Believe it or not, it seems like humans work this way too.

Within our species, certain physical characteristics are generally perceived as “attractive.” It has been theorized that this is the result of biological imprints on our brains that are left over from a time when humans still needed to outrun predators in the jungle to stay alive. A symmetrical face indicates good genetic makeup which makes for healthier offspring. A large, muscular posterior indicates strength and running speed, which yields offspring that are stronger and faster. The list goes on and on.

So What?

Humans, like any other animal, are programmed to automatically evaluate potential mates and enemies based on these biological markers, and I think that we are also programmed to unconsciously evaluate movement. Just like there are attractive and unattractive physical features, there are also attractive and unattractive movements. This is why everybody who sees Ken Griffey Jr. hit a baseball describes his swing as “sweet” or “pretty” regardless of whether they know anything about swing mechanics. We’re just using leftover brain software from our caveman days.  Only nowadays, we’re using this ability to improve athletic performance, not evaluate our enemies’ ability to defend themselves in a fight.

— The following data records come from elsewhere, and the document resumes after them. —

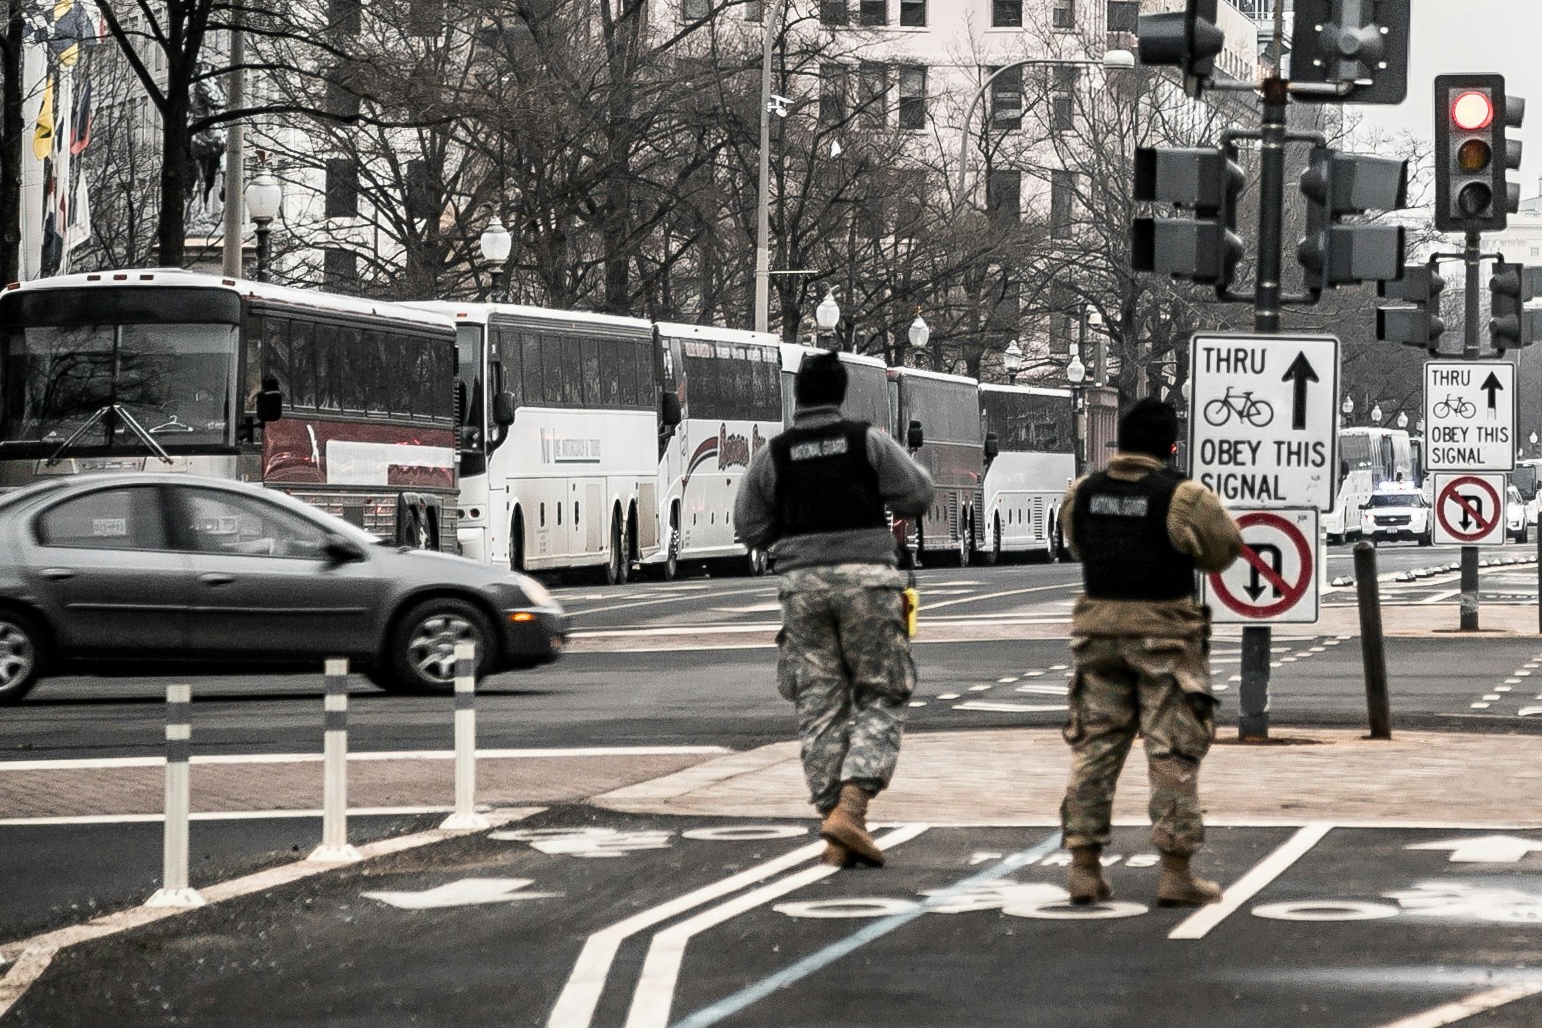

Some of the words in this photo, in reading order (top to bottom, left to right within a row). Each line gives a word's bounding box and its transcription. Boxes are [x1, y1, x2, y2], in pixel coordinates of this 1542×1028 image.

[1202, 347, 1267, 375] THRU
[1431, 369, 1471, 386] THRU
[1432, 426, 1469, 443] OBEY
[1476, 426, 1509, 443] THIS
[1200, 438, 1262, 466] OBEY
[1273, 440, 1326, 468] THIS
[1431, 447, 1485, 464] SIGNAL
[1201, 473, 1287, 501] SIGNAL

Since I’ve started using more video analysis on pitchers, hitters, and runners, I’ve found that any time somebody is exhibiting poor mechanics, it pretty much jumps out at the viewer, whether they know what they’re looking for or not. I’ve spent a lot of time learning about biomechanics so I know what to look for and how to identify what’s wrong. The kids I train, for the most part, don’t really know what they’re looking for, but when they watch video of bad mechanics, they know they’re bad, though they’re not exactly sure why. The ability to move efficiently and powerfully seems like something that would be an evolutionary advantage, so maybe the reason why everyone can tell “bad” mechanics from “good” ones is because we’re just conditioned to evaluate movement to determine the evolutionary fitness of other people.

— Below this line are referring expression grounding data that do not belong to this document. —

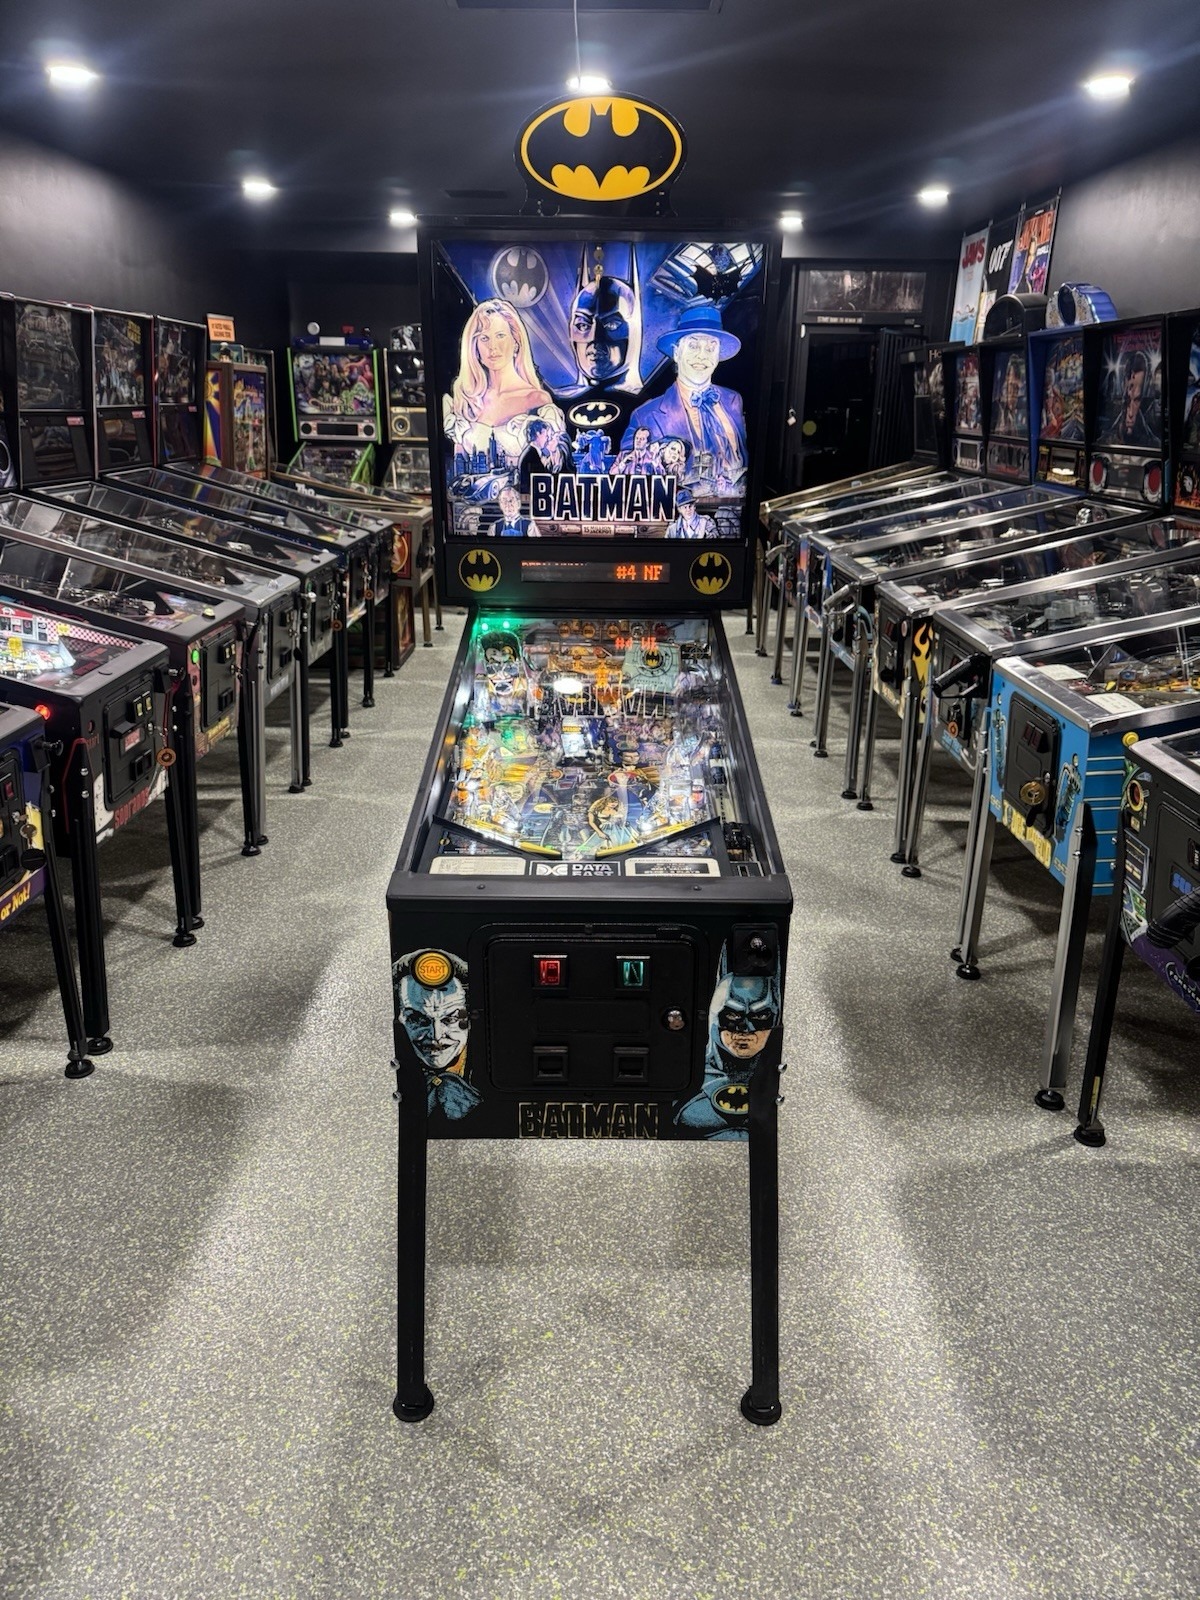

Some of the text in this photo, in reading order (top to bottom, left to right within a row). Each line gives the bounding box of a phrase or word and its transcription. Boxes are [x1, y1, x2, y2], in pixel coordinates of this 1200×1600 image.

[962, 237, 986, 270] JAWS
[988, 240, 1014, 275] 007
[530, 473, 677, 522] BATMAN
[616, 564, 663, 581] #4 NF
[571, 863, 613, 871] DATA
[419, 965, 446, 974] START
[518, 1102, 659, 1139] BATMAN

Take somebody who’s never seen golf before and show them videos of Tiger Woods’ swing compared to this guy:

I can guarantee the golf newbie can identify who has a “better” swing, even though they’ve never seen somebody play golf before. When you watch that golf swing, you’re subconsciously evaluating the movements happening. You’re not actively picking apart the components of his swing, you’re just judging his movement as a whole. There’s no smoothness there, no power. Therefore, it’s a bad swing. Watch two sprinters of differing ability run next to each other. If one of them has bad mechanics, you’ll notice it.

What’s The Point of This?

If you’re looking to get faster, throw harder, hit farther, or do whatever it is your sport requires, do yourself a favor and watch a video of yourself. Your brain knows the most efficient way to perform the movement, and if you’re doing something wrong, you’ll notice it. Use your brain’s innate ability to evaluate movement to your own benefit. You may not be able to break down exactly what’s wrong, but realizing that your form needs work is the first step towards fixing it. As I’ve mentioned before, most athletes don’t have the body awareness to notice when their mechanics are off. Seeing yourself on film removes the guesswork and lets you see exactly what you’re doing, and provides instant feedback.

As I mentioned before, if you fail the Eyeball Test, you’re behind the 8 ball when it comes to being scouted and recruited. To make yourself as attractive as possible to coaches and scouts, you need to look athletic.

At its core, the Eyeball Test is just an evolutionary leftover. Are you fit to survive in the sports world?